You have to be logged in to leave a comment.

Verdict Integration Plan for Promptfoo

Overview

This document outlines the plan to integrate Verdict as a model-graded metric in Promptfoo. Verdict is a declarative framework for building compound LLM-as-a-judge systems that scales up "judge-time compute" to create more reliable evaluations.

What is Verdict?

Verdict addresses the unreliability of simple LLM judges by composing multiple rounds of reasoning, verification, and aggregation.

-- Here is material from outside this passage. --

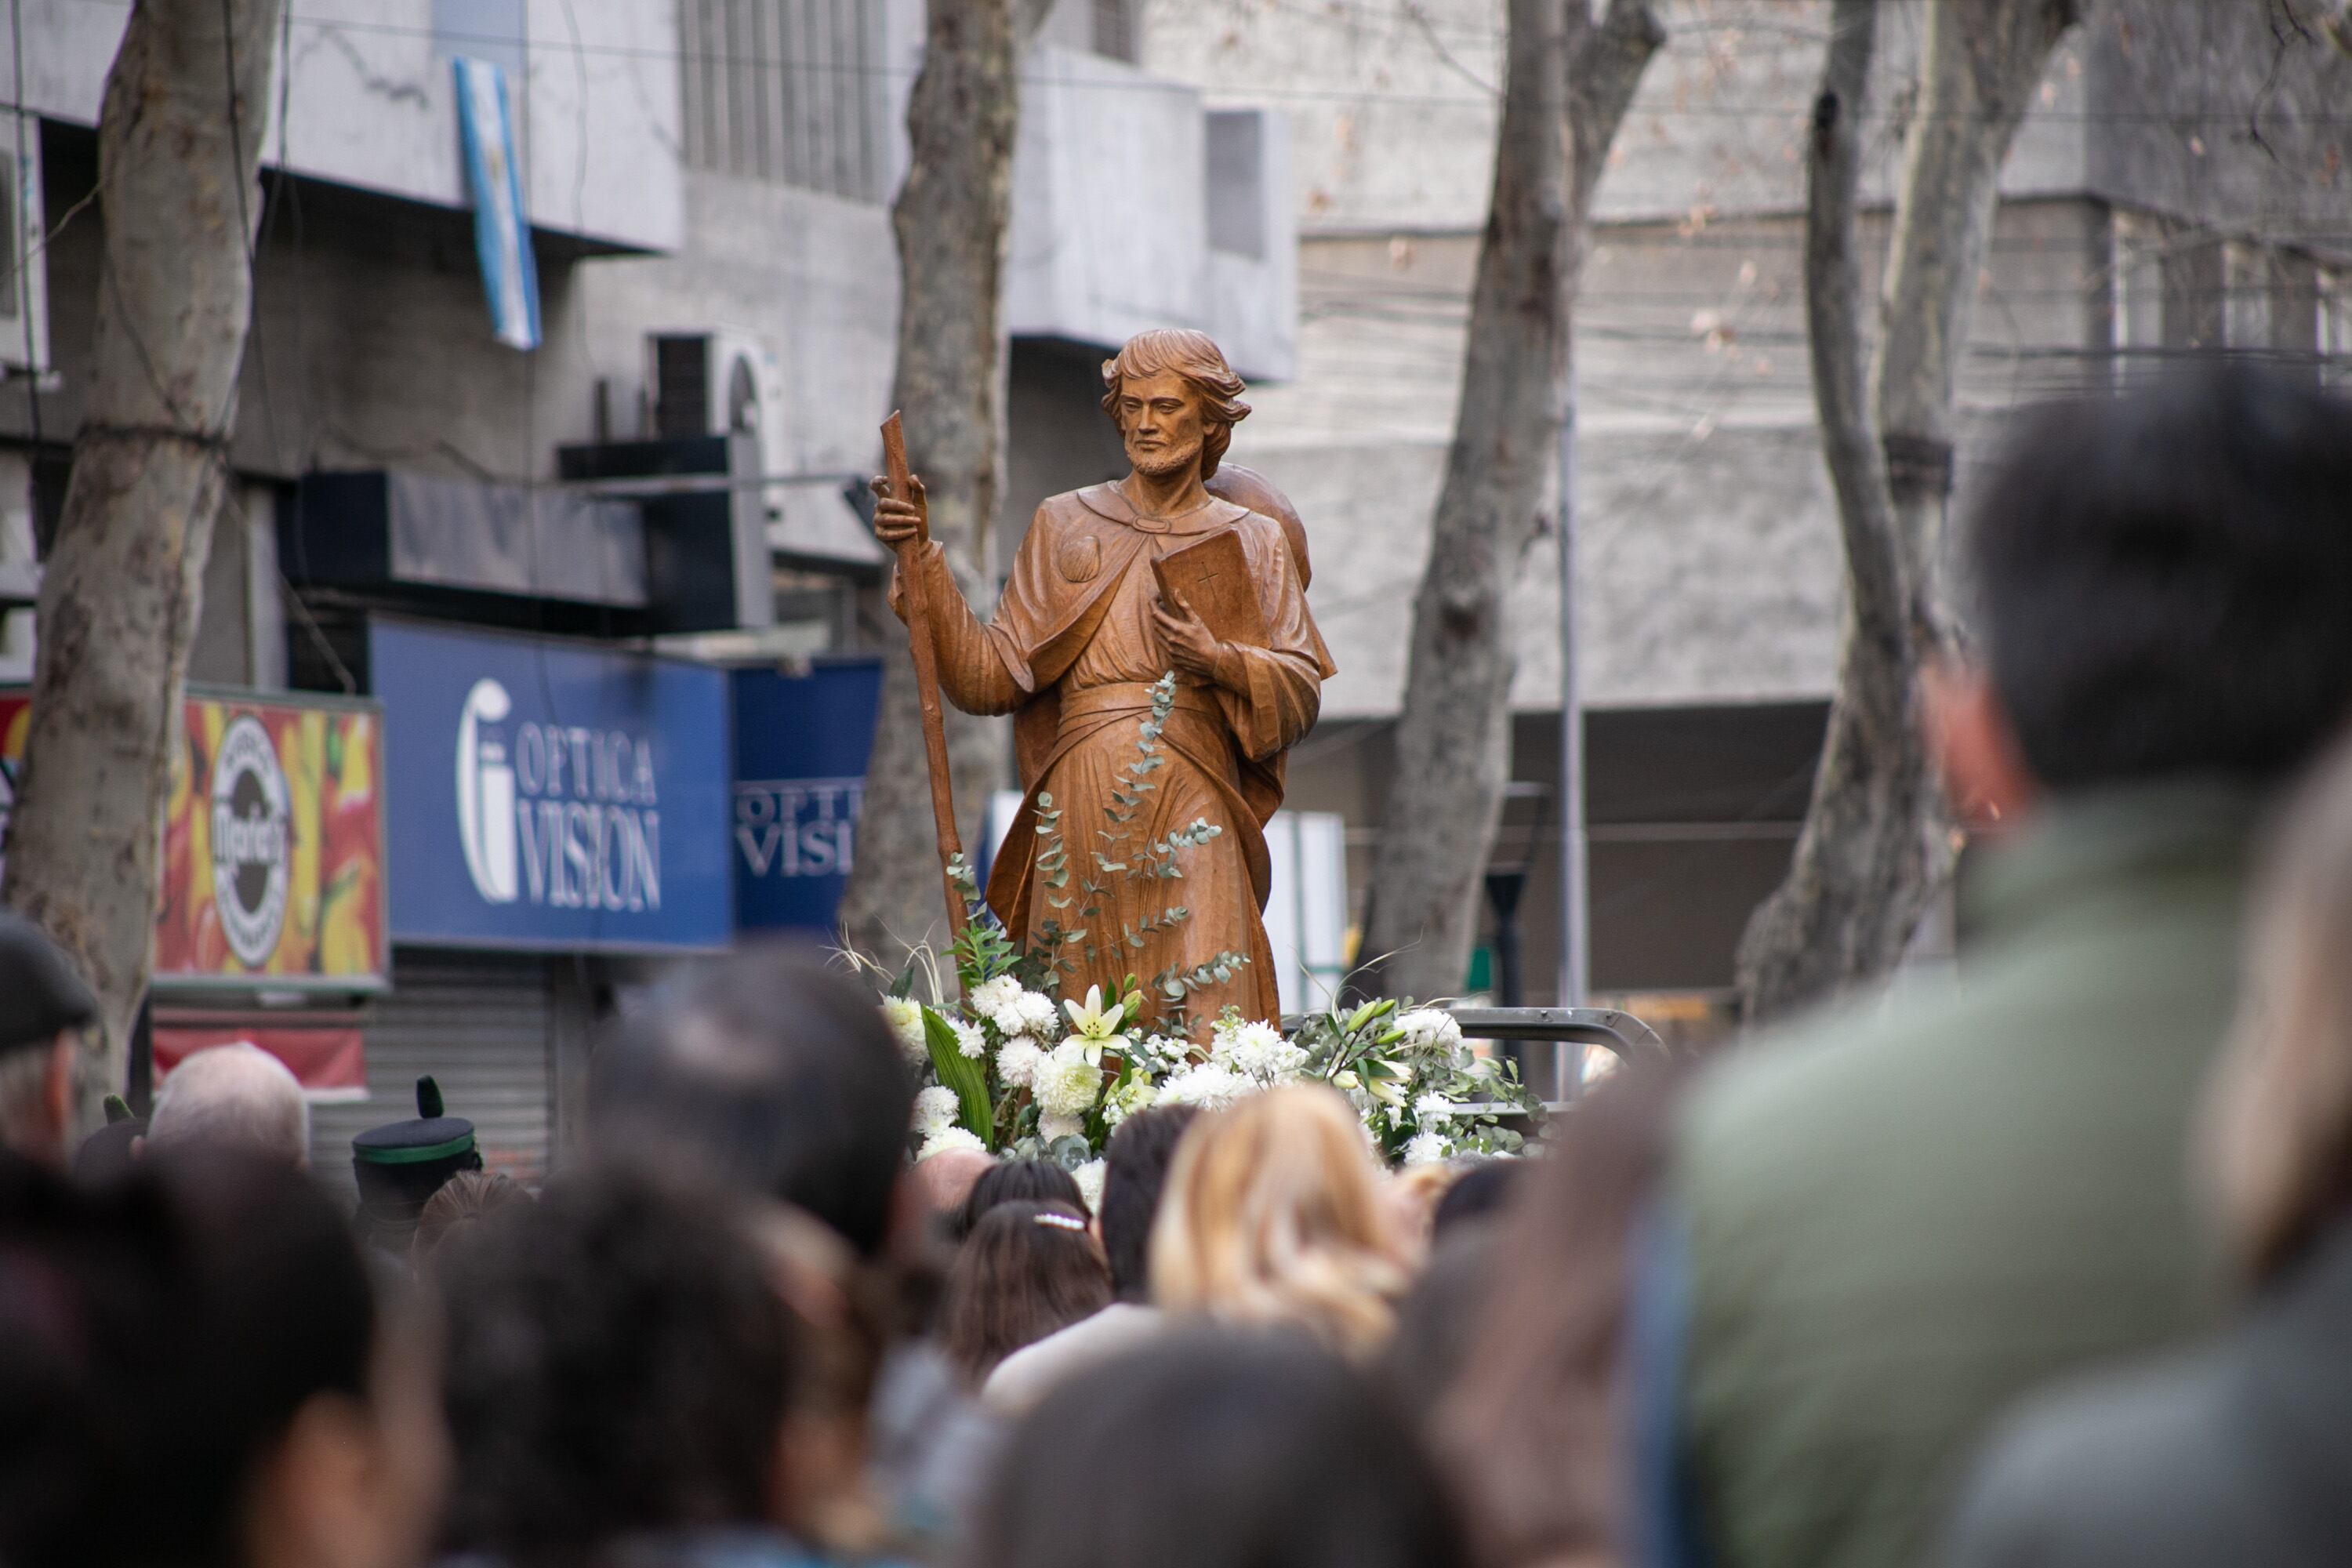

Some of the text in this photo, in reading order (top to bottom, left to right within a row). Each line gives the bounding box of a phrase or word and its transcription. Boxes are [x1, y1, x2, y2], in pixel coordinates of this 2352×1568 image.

Instead of a single LLM call, Verdict synthesizes multiple units of evaluation to produce more robust judgments.

Key Concepts

Unit - The base building block that executes a single evaluation step
Layer - A container for multiple units that can be connected in various patterns
Block - A higher-level container that composes units and layers into complex graphs
Scales - Typed response schemas (e.g., DiscreteScale, LikertScale, BooleanScale)

Architecture Overview

High-Level Architecture

graph TD
    A[Input Data] --> B[Verdict Pipeline]
    B --> C[Layer 1: Judge Units]
    C --> D[Layer 2: Verification Units]
    D --> E[Layer 3: Aggregation Unit]
    E --> F[Final Score/Decision]

    C1[Judge 1] --> D1[Verify 1]
    C2[Judge 2] --> D2[Verify 2]
    C3[Judge 3] --> D3[Verify 3]

    D1 --> E
    D2 --> E
    D3 --> E

    subgraph "Layer 1"
        C1
        C2
        C3
    end

    subgraph "Layer 2"
        D1
        D2
        D3
    end

    subgraph "Layer 3"
        E[MaxPoolUnit]
    end

Unit Execution Flow

sequenceDiagram
    participant U as Unit
    participant E as Extractor
    participant LLM as LLM Provider
    participant V as Validator

    U->>U: Prepare Input Schema
    U->>U: Format Prompt
    U->>E: Extract Response
    E->>LLM: API Call
    LLM-->>E: Raw Response
    E-->>U: Parsed Response
    U->>V: Validate Response
    V-->>U: Validation Result
    U->>U: Process & Propagate
    U-->>U: Output Schema

Connection Patterns

graph LR
    subgraph "CHAIN Pattern"
        A1[Unit A] --> B1[Unit B] --> C1[Unit C]
    end

    subgraph "DENSE Pattern"
        A2[Unit A] --> C2[Unit C]
        A2 --> D2[Unit D]
        B2[Unit B] --> C2
        B2 --> D2
    end

    subgraph "BROADCAST Pattern"
        A3[Unit A] --> C3[Unit C]
        B3[Unit B] --> D3[Unit D]
    end

    subgraph "CUMULATIVE Pattern"
        A4[Unit A] --> C4[Unit C]
        A4 --> D4[Unit D]
        B4[Unit B] --> D4
    end

How Verdict Works

1. Basic Judge Unit

JudgeUnit(DiscreteScale((1, 5)))
    .prompt("Evaluate the politeness...")
    .via('gpt-4o-mini', retries=3, temperature=0.4)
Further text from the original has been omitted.